Record set —
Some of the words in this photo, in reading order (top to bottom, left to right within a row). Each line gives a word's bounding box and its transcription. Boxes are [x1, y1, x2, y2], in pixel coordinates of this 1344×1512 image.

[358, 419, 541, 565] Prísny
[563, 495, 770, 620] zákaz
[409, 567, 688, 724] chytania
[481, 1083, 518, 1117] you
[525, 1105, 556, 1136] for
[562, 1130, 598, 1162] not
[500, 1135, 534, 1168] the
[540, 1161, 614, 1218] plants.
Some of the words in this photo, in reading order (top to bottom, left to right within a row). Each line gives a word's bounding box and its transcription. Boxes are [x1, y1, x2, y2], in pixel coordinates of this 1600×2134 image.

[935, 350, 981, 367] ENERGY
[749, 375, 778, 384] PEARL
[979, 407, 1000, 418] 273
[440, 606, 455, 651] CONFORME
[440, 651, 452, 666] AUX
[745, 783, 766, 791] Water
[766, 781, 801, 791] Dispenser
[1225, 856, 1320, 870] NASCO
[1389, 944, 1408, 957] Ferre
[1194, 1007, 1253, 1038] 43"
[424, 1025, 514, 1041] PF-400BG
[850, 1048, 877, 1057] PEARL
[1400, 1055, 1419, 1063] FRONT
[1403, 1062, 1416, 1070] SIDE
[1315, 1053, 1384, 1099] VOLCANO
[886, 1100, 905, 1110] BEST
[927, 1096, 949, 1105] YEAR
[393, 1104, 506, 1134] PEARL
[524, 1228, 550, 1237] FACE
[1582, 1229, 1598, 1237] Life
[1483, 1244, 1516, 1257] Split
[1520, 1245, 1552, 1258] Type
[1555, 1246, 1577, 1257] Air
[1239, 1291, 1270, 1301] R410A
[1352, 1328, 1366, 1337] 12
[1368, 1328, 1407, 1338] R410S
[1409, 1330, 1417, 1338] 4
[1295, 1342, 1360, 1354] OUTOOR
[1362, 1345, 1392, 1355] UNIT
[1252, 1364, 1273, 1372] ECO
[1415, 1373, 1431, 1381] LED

Activity — Every entry must be printed again, exactly as it reads.

Problem solution —
Some of the words in this photo, in reading order (top to bottom, left to right within a row). Each line gives a word's bounding box and its transcription. Boxes are [x1, y1, x2, y2], in pixel coordinates of this 1344×1512 image.

[358, 419, 541, 565] Prísny
[563, 495, 770, 620] zákaz
[409, 567, 688, 724] chytania
[481, 1083, 518, 1117] you
[525, 1105, 556, 1136] for
[562, 1130, 598, 1162] not
[500, 1135, 534, 1168] the
[540, 1161, 614, 1218] plants.
Some of the words in this photo, in reading order (top to bottom, left to right within a row). Each line gives a word's bounding box and its transcription. Boxes are [x1, y1, x2, y2], in pixel coordinates of this 1600×2134 image.

[935, 350, 981, 367] ENERGY
[749, 375, 778, 384] PEARL
[979, 407, 1000, 418] 273
[440, 606, 455, 651] CONFORME
[440, 651, 452, 666] AUX
[745, 783, 766, 791] Water
[766, 781, 801, 791] Dispenser
[1225, 856, 1320, 870] NASCO
[1389, 944, 1408, 957] Ferre
[1194, 1007, 1253, 1038] 43"
[424, 1025, 514, 1041] PF-400BG
[850, 1048, 877, 1057] PEARL
[1400, 1055, 1419, 1063] FRONT
[1403, 1062, 1416, 1070] SIDE
[1315, 1053, 1384, 1099] VOLCANO
[886, 1100, 905, 1110] BEST
[927, 1096, 949, 1105] YEAR
[393, 1104, 506, 1134] PEARL
[524, 1228, 550, 1237] FACE
[1582, 1229, 1598, 1237] Life
[1483, 1244, 1516, 1257] Split
[1520, 1245, 1552, 1258] Type
[1555, 1246, 1577, 1257] Air
[1239, 1291, 1270, 1301] R410A
[1352, 1328, 1366, 1337] 12
[1368, 1328, 1407, 1338] R410S
[1409, 1330, 1417, 1338] 4
[1295, 1342, 1360, 1354] OUTOOR
[1362, 1345, 1392, 1355] UNIT
[1252, 1364, 1273, 1372] ECO
[1415, 1373, 1431, 1381] LED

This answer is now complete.